Seribu Persen
Oleh: Ana Mujianah
Fadlan berulang kali men-scrol puluhan chat WA di ponselnya dengan gelisah. Sesekali dia mengurut keningnya sambil mengamati satu nama di aplikasi berwarna hijau tersebut. Remaja SMA itu harus berjuang melawan gejolak batin yang gundah. Antara iya atau jangan. Bisikan menggoda untuk mengirim pesan tahajud call ke nomor itu. Ya, nomor seorang gadis manis berkerudung panjang yang beberapa bulan terakhir ini sukses membuat hatinya salto.

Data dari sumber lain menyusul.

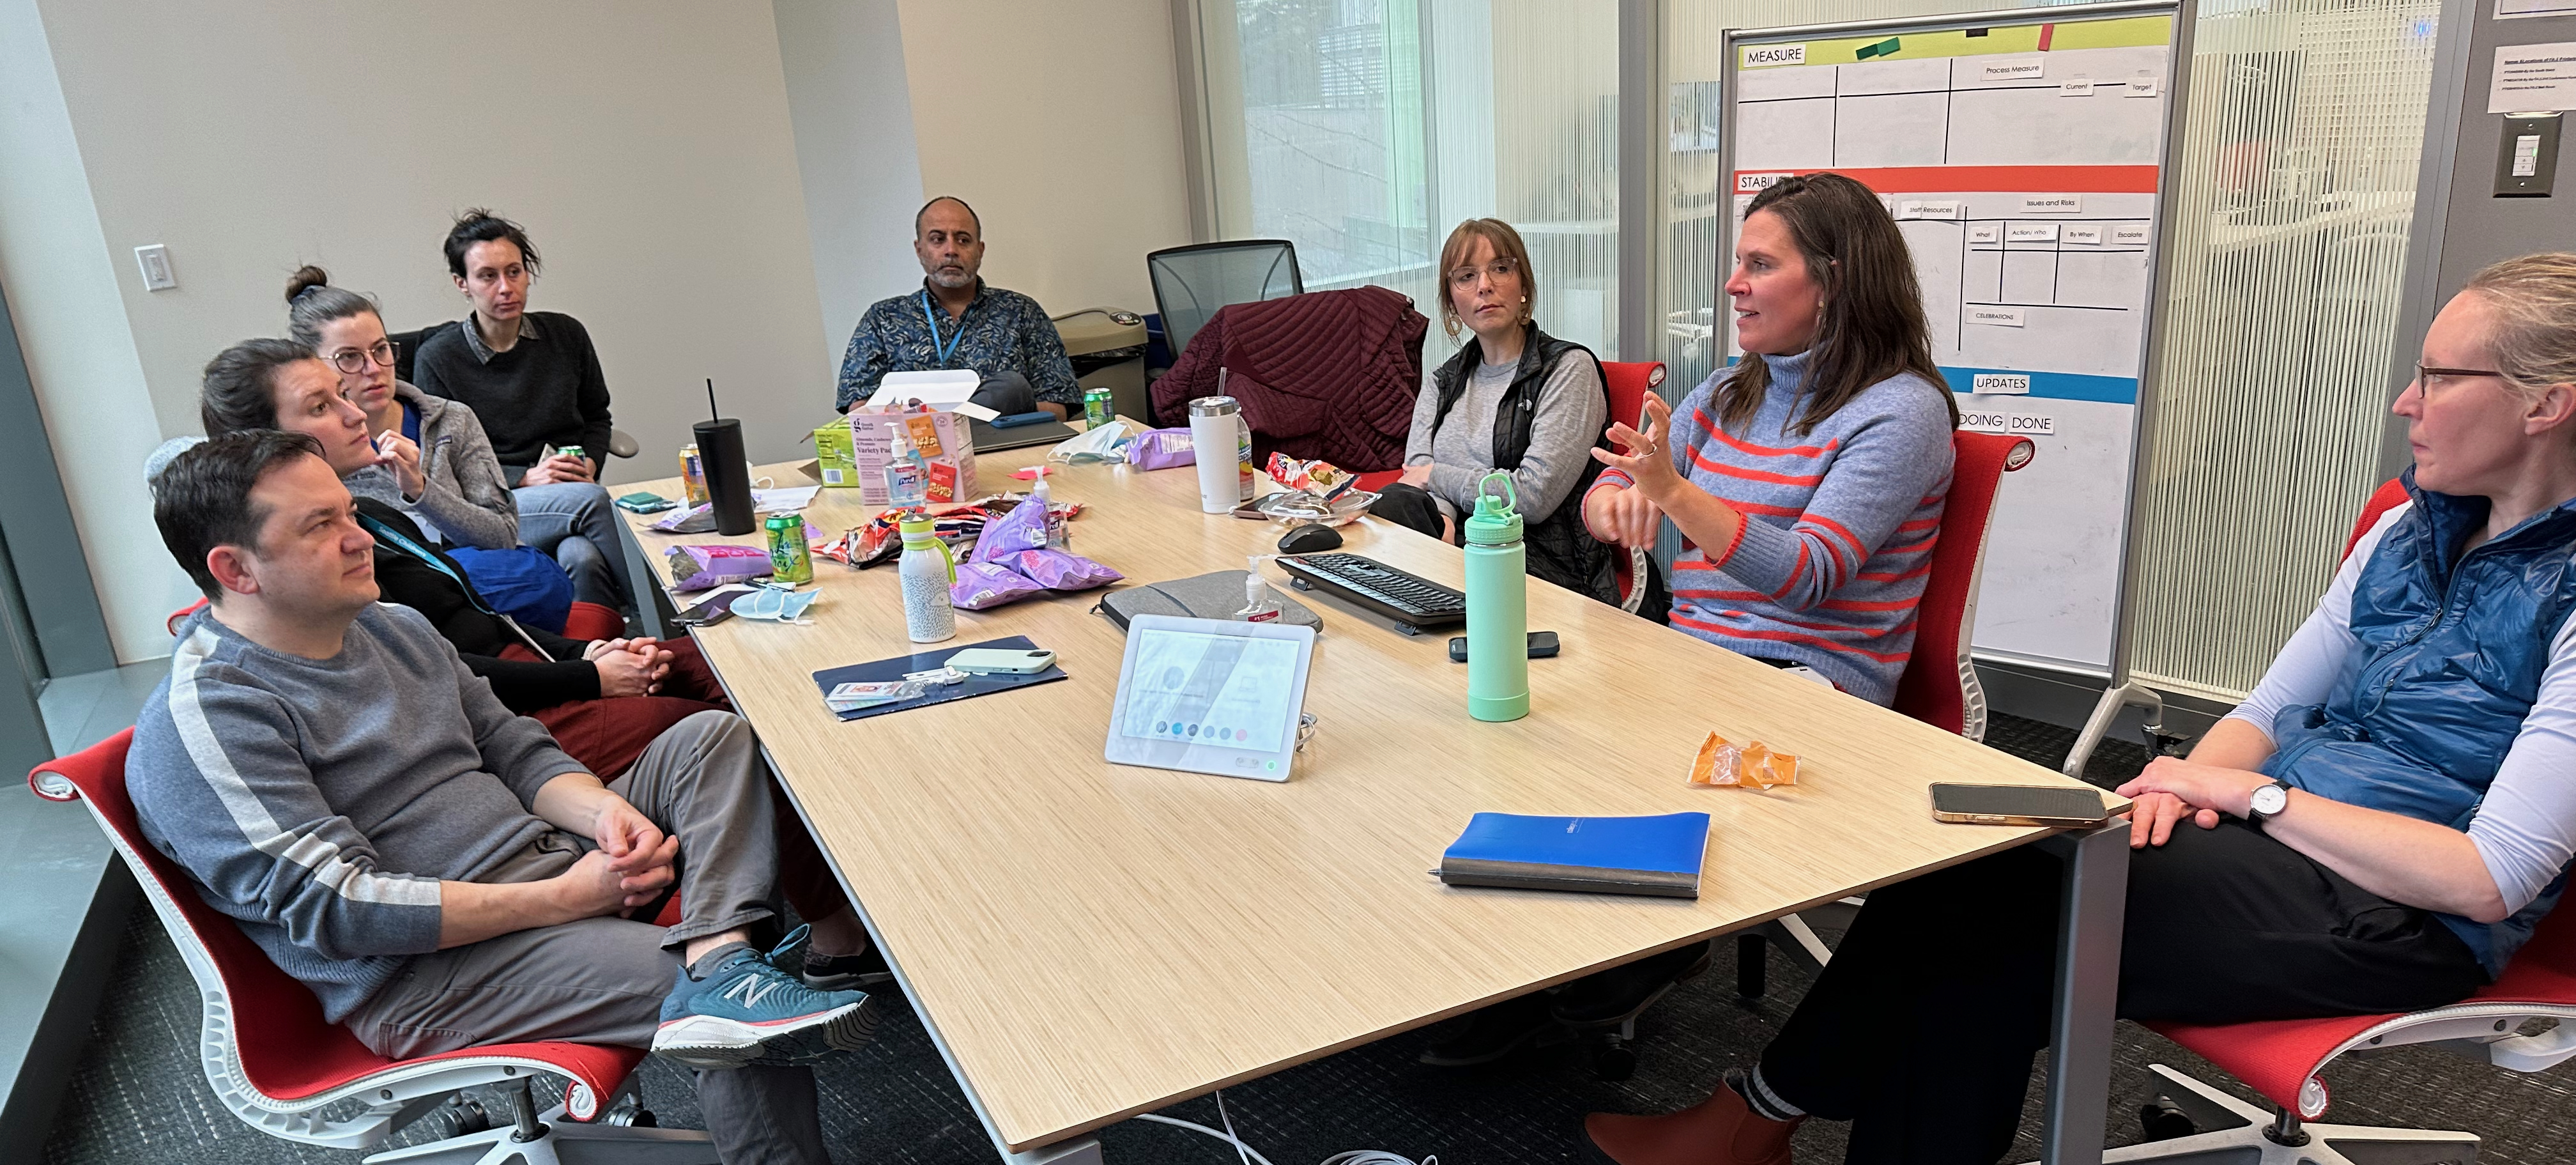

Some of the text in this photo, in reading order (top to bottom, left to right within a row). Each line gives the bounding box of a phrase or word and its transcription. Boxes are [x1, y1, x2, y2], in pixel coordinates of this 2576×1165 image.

[1748, 48, 1802, 63] MEASURE
[1977, 378, 2026, 389] UPDATES
[1959, 413, 2051, 429] DOING DONE

Sepuluh menit berlalu, Fadlan masih terpaku pada nomer WA dengan profil bunga sakura yang sedang mekar. Ketua Rohis yang terkenal santun dan tegas itu semakin frustasi. Di satu sisi, dia ingin menunjukkan perhatiannya kepada gadis pujaan hati. Namun, di sisi lain, Fadlan memahami betul bahwa membangunkan akhwat dini hari sejatinya hanyalah kedok semata. Setan akan tertawa, karena para aktivis dakwah terperangkap juga dalam bujuk rayunya. Dengan dalih mengajak taat, padahal sebenarnya ingin berkhalwat.
Kesal dengan diri yang lemah dalam urusan hati, Fadlan pun membanting benda pipih yang ia pegang ke atas spring bed, kemudian menyugar rambutnya kasar.

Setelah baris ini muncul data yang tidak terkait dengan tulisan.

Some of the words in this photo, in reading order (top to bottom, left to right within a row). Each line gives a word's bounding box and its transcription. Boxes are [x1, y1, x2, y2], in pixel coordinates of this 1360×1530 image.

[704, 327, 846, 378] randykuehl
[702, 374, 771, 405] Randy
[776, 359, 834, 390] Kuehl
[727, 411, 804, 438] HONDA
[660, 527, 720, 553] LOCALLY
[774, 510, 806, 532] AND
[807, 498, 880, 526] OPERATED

“Astaghfirullah!” gumamnya sambil menangkup wajah dengan kedua tangan.
Tak ingin berlama-lama dalam kegalauan, remaja itu beranjak ke kamar mandi untuk bersuci dan menyegarkan pikiran. Sepertiga malam yang hening, adalah saat yang tepat untuk mengadu kepada Sang Pemilik Hati, di saat hamba-hamba yang lain mungkin terlelap dalam tidurnya. Ingin sekali dia menghilangkan desir-desir aneh setiap kali mengingat wajah gadis saliha pengurus rohis bidang keputrian itu. Namun, rasa yang tak halal seakan terus tumbuh bagai bunga musim semi yang sedang bermekaran di taman hati Fadlan.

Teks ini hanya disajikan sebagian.